Stored data entries →
▬▬▬▬▬▬
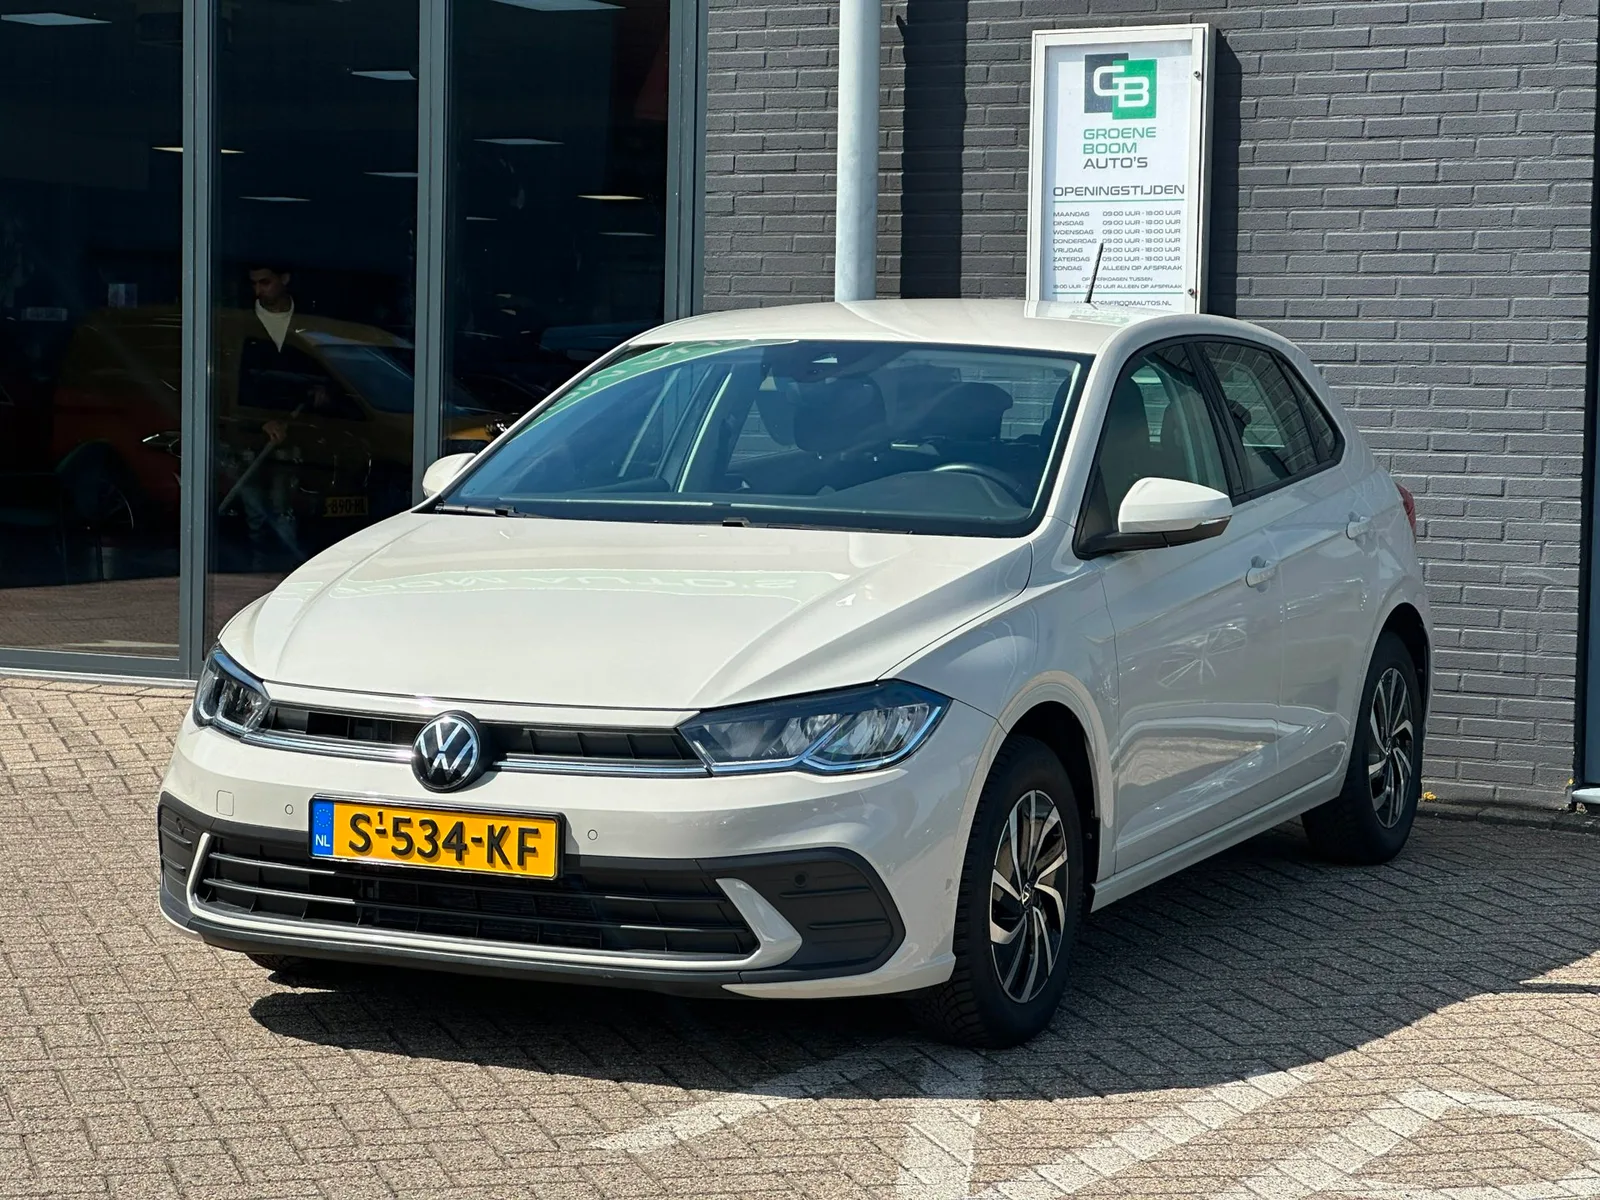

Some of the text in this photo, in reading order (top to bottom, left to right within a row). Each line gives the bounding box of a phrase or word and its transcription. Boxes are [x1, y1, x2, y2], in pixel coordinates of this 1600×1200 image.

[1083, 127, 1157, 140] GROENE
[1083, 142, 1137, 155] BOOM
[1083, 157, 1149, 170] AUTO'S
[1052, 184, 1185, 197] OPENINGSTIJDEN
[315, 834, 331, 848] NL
▬▬▬▬▬▬
Exercise goal → Set down the data above exactly as written. Omit the pictures.

Completed task →
Some of the text in this photo, in reading order (top to bottom, left to right within a row). Each line gives the bounding box of a phrase or word and its transcription. Boxes are [x1, y1, x2, y2], in pixel coordinates of this 1600×1200 image.

[1083, 127, 1157, 140] GROENE
[1083, 142, 1137, 155] BOOM
[1083, 157, 1149, 170] AUTO'S
[1052, 184, 1185, 197] OPENINGSTIJDEN
[315, 834, 331, 848] NL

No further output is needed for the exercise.